Обычно они рассматриваются как совпадающие или пересекающиеся процессы. Однако анализ человеческого познания, интенсивно проводившийся во второй половине XIX и на всем протяжении XX века, выявил между ними существенные различия. Неокантианцы В. Виндельбанд, Г. Риккерт и другие утверждали, что познание природы в корне отличается от познания общества и человека. Явления природы, утверждали они, подчиняются объективным законам, явления же социальной жизни и культуры зависят от совершенно индивидуальных особенностей людей и неповторимых исторических ситуаций. Поэтому познание природы является генерализирующим, или обобщающим, а познание социальных явлений индивидуализирующим. Соответственно для естествознания основная задача — подведение единичных фактов под общие законы, а для социального познания главным является постижение внутренних установок мотивов деятельности и скрытых смыслов, определяющих поступки людей.

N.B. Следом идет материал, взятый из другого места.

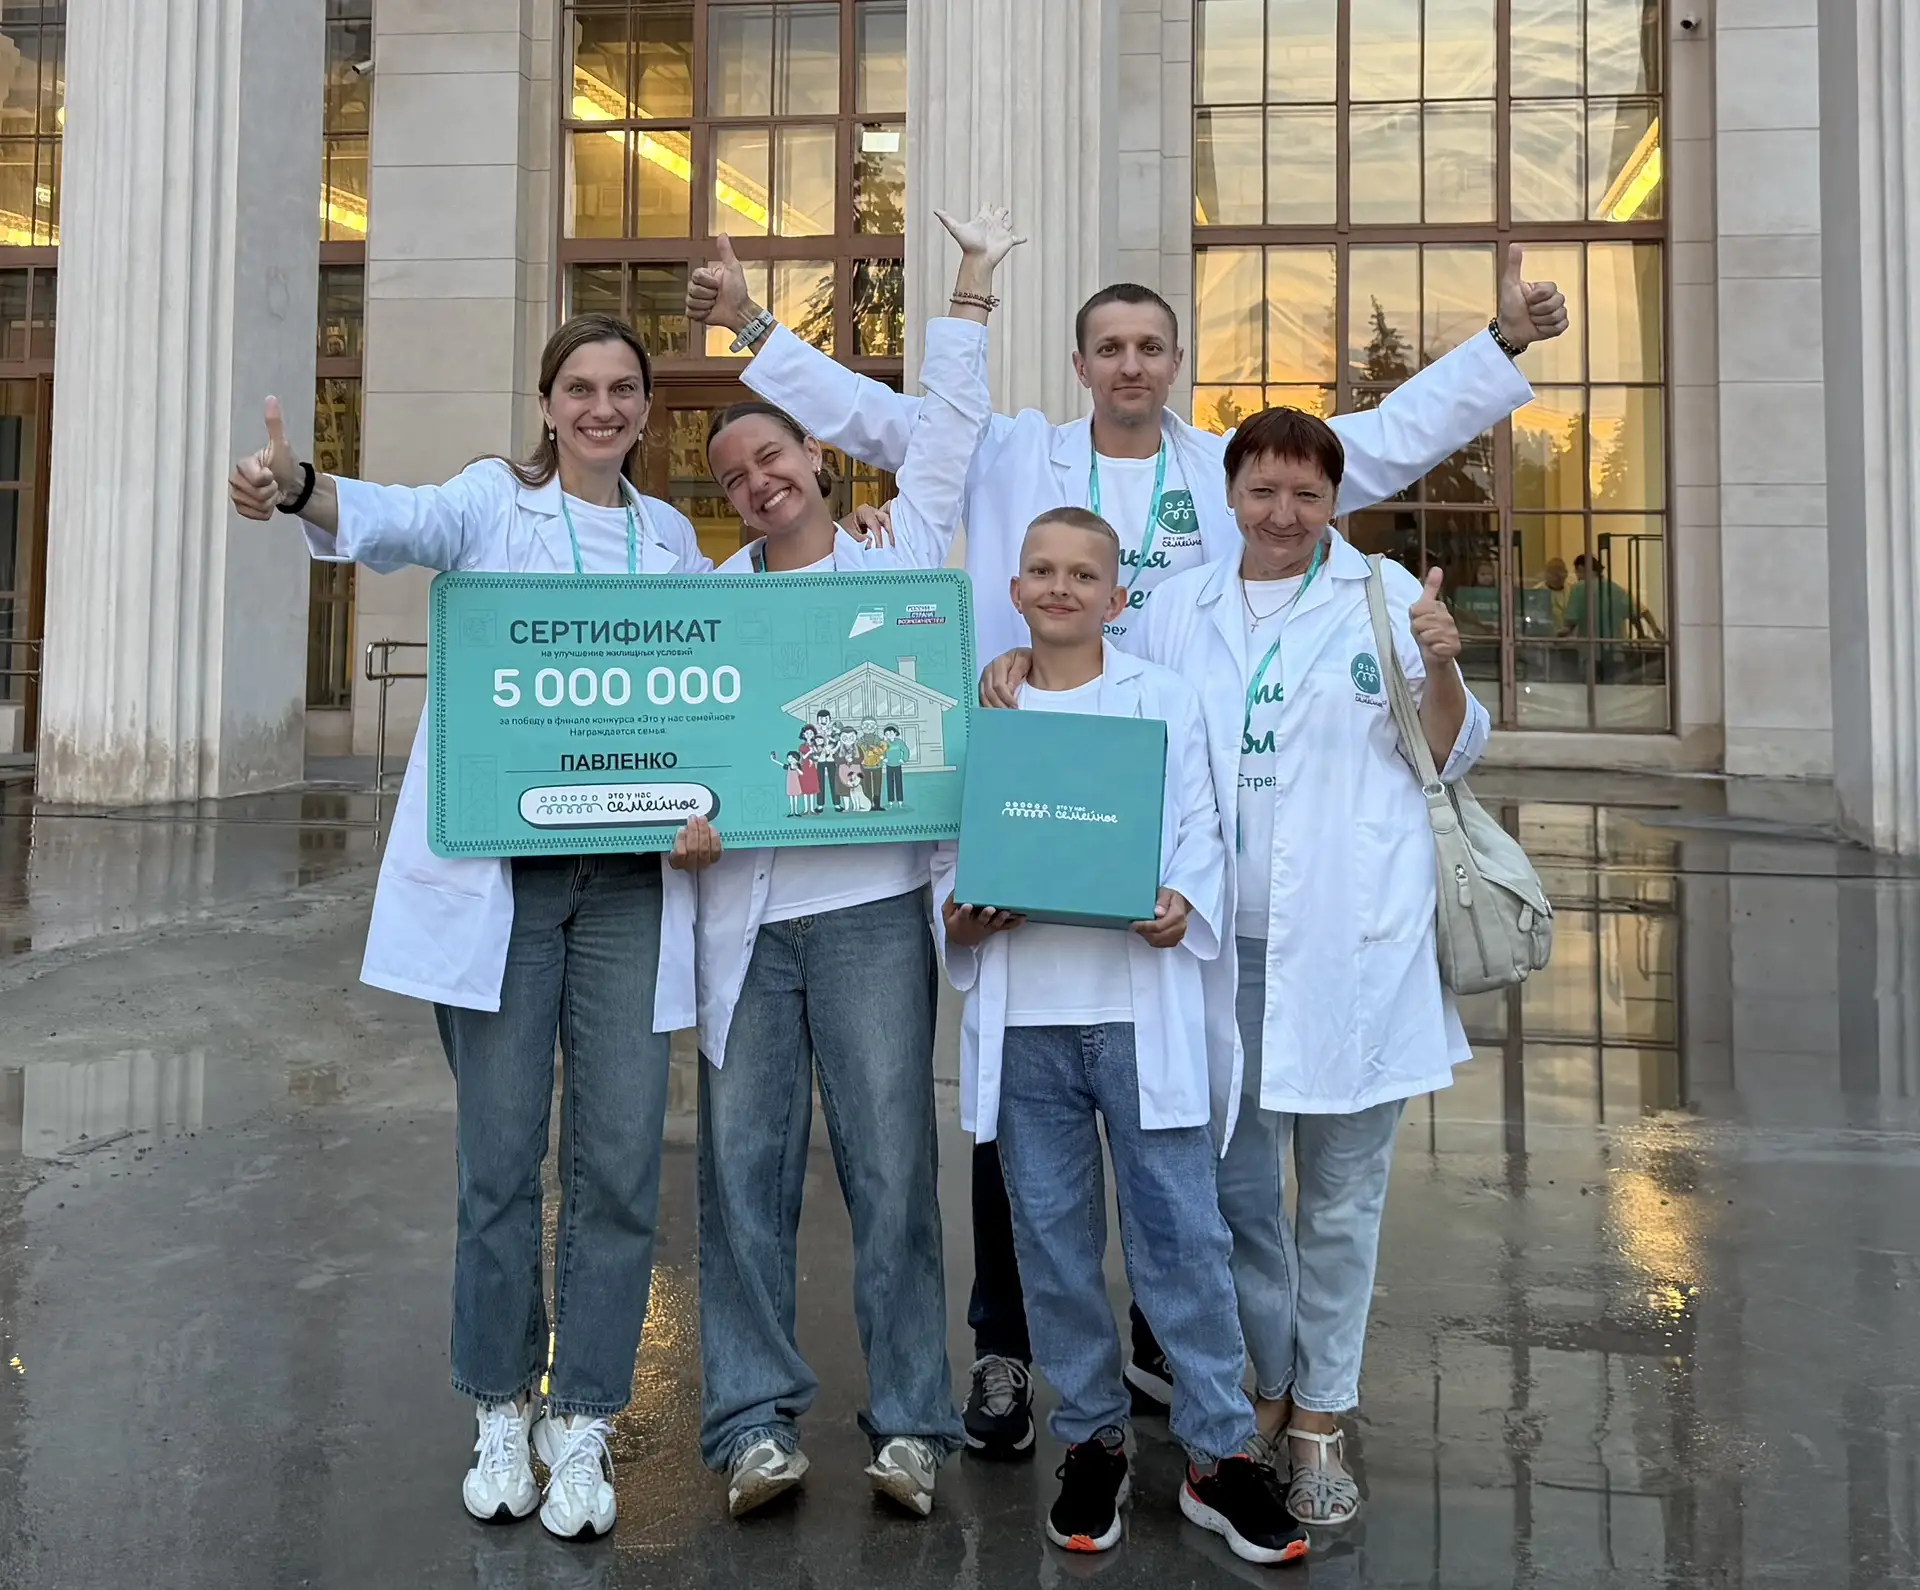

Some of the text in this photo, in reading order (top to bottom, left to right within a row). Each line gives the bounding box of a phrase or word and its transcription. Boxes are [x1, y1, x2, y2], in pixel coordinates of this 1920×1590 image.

На основании этого В. Дильтей утверждал, что основным методом познания в естественных науках является объяснение, а в науках о культуре и человеке — понимание. Верно ли это? В действительности в таком подходе есть как правильные, так и ошибочные моменты. Верно, что современное естествознание стремится установить прежде всего законы явлений и подвести под них единичные эмпирические знания. Неверно же, что науки об обществе не отражают объективных законов и не пользуются ими для объяснения социально исторических явлений и деятельности индивидов. Верно, что понимание взглядов, мнений, убеждений, верований и целей других людей — чрезвычайно сложная задача, тем более что многие люди неправильно или не до конца понимают самих себя, а иногда намеренно стремятся ввести в заблуждение. Неверно, что понимание неприменимо к явлениям природы. Каждый, кто изучал естественные или технические науки, не раз убеждался, как трудно и как важно понять то или иное явление, закон или результат эксперимента. Поэтому правильно считать, что объяснение и понимание — два взаимодополняющих познавательных процесса, используемых и в естественнонаучном, и в социальном, и в техническом познании.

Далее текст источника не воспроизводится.